◆ **EXERCISE REQUIREMENTS**: Every picture should be left out, but the lines below must be repeated exactly.

### THE DATA ###

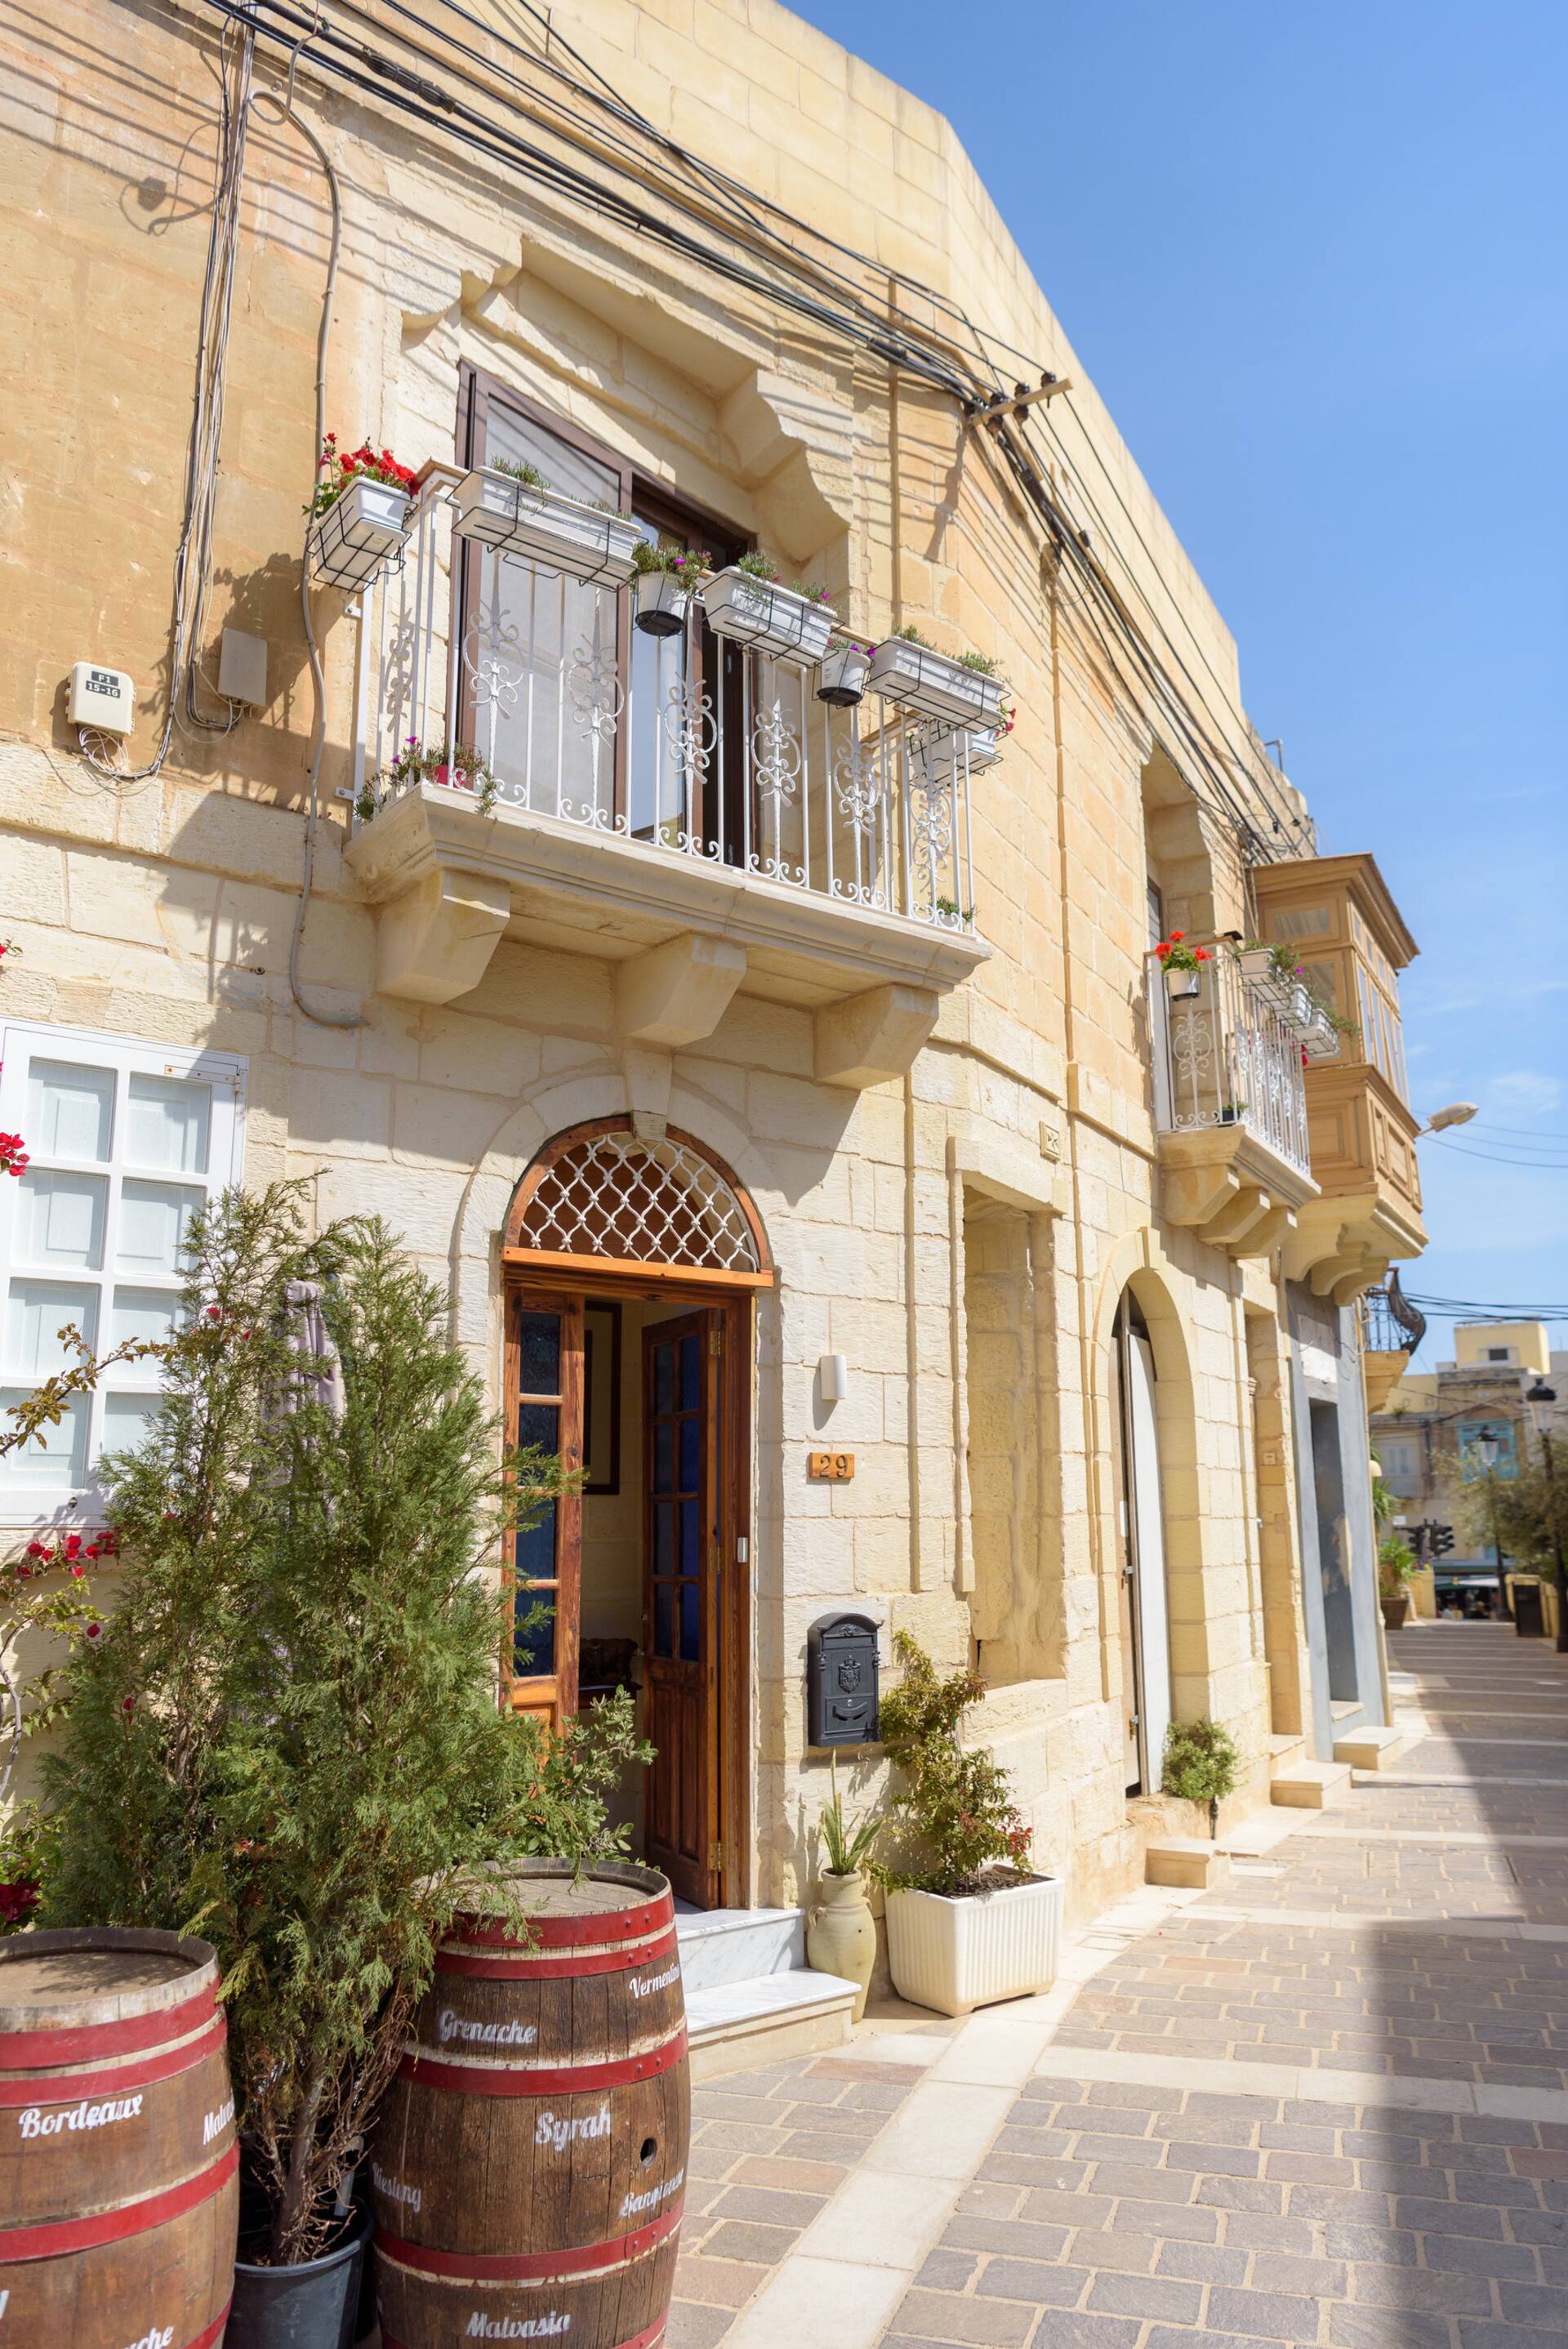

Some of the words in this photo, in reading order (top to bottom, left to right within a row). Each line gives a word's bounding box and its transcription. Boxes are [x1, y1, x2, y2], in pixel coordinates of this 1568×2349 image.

[87, 683, 118, 697] 15-16
[98, 674, 111, 684] F1
[819, 1455, 846, 1478] 29
[440, 2010, 537, 2044] Grenache
[19, 2093, 144, 2138] Bordeaux
[535, 2104, 611, 2152] Syrah
[466, 2310, 571, 2339] Malvasia

###

◆ **SOLVED EXERCISE**:
Some of the words in this photo, in reading order (top to bottom, left to right within a row). Each line gives a word's bounding box and its transcription. Boxes are [x1, y1, x2, y2], in pixel coordinates of this 1568×2349 image.

[87, 683, 118, 697] 15-16
[98, 674, 111, 684] F1
[819, 1455, 846, 1478] 29
[440, 2010, 537, 2044] Grenache
[19, 2093, 144, 2138] Bordeaux
[535, 2104, 611, 2152] Syrah
[466, 2310, 571, 2339] Malvasia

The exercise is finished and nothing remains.